Not specifically, no. You can create an array with dtype='object'
, which creates an array of Python objects (including but not limited to ints). This will get you a lot of Numpy array-like functionality but few to none of the performance benefits.
Which is to say, an array of Python objects is not significantly different from a Python list
in terms of memory performance. Though if you must use bigints it may still be preferable to using a list
since you still get element-wise arithmetic operations, including when doing operations with other Numpy arrays. For example:
In [1]: import numpy as np
In [2]: big = np.array([10**100, 10**101, 10**102], dtype='object')
In [3]: big
Out[3]:
array([ 10000000000000000000000000000000000000000000000000000000000000000000000000000000000000000000000000000,
100000000000000000000000000000000000000000000000000000000000000000000000000000000000000000000000000000,
1000000000000000000000000000000000000000000000000000000000000000000000000000000000000000000000000000000], dtype=object)
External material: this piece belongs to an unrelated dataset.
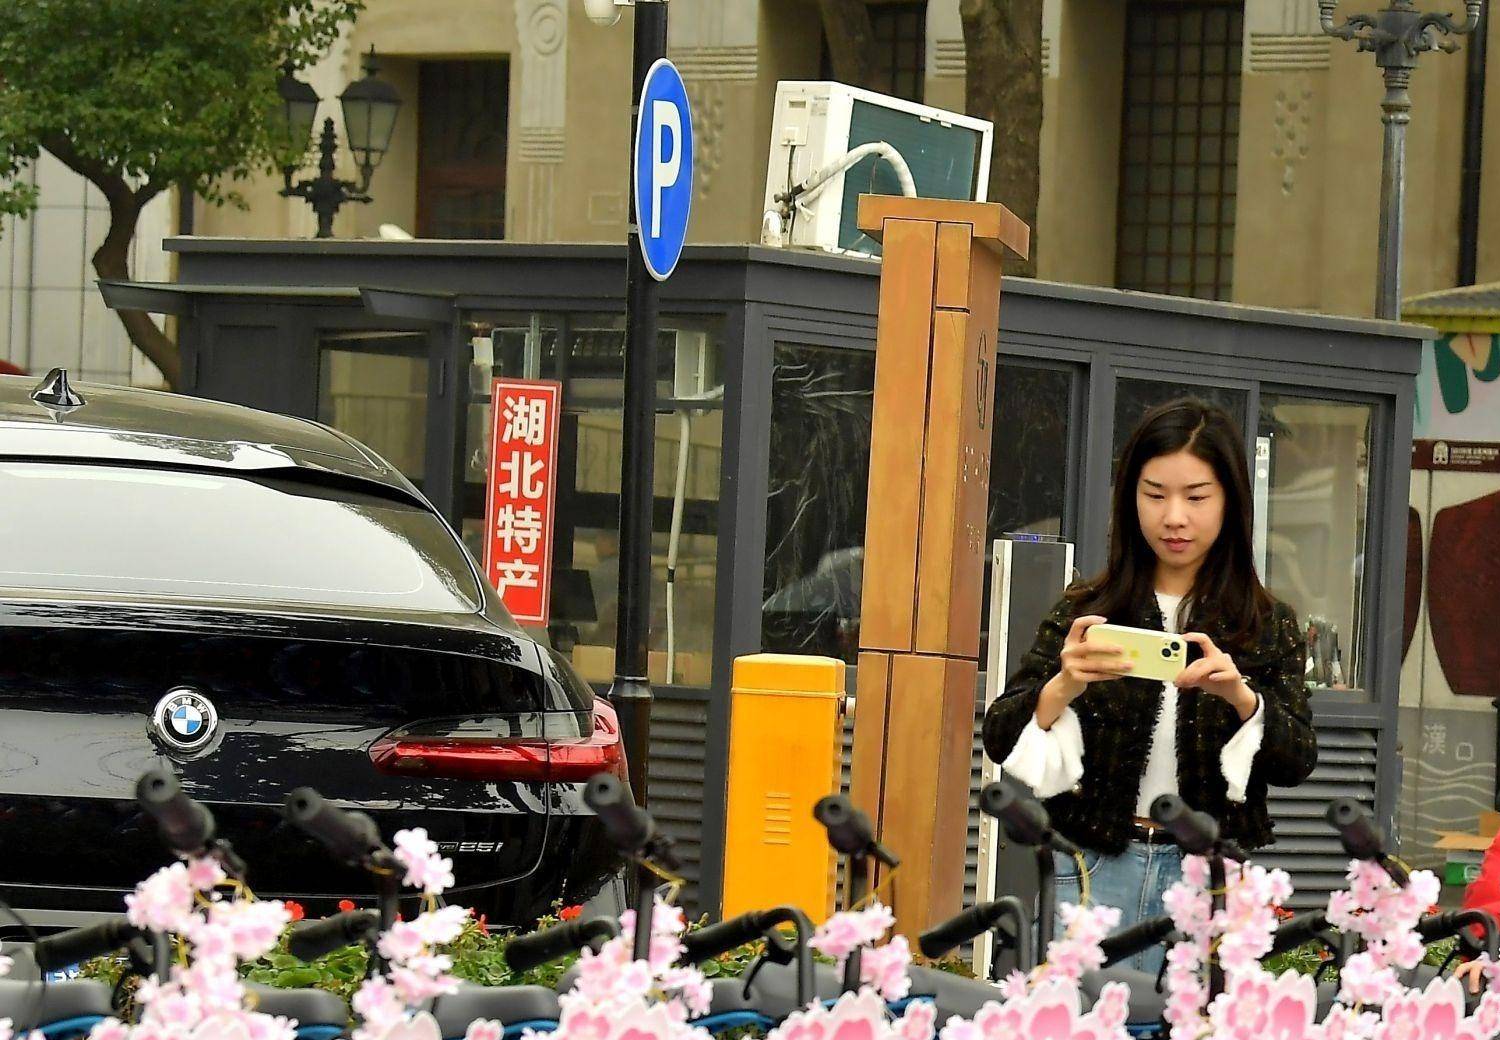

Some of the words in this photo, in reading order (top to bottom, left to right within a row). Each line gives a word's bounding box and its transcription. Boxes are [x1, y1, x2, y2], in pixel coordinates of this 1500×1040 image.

In [4]: big + np.array([1, 2, 3])
Out[4]:
array([ 10000000000000000000000000000000000000000000000000000000000000000000000000000000000000000000000000001,
100000000000000000000000000000000000000000000000000000000000000000000000000000000000000000000000000002,
1000000000000000000000000000000000000000000000000000000000000000000000000000000000000000000000000000003], dtype=object)
I've never used this capability myself though, so I'm not entirely sure what other surprising limitations might arise.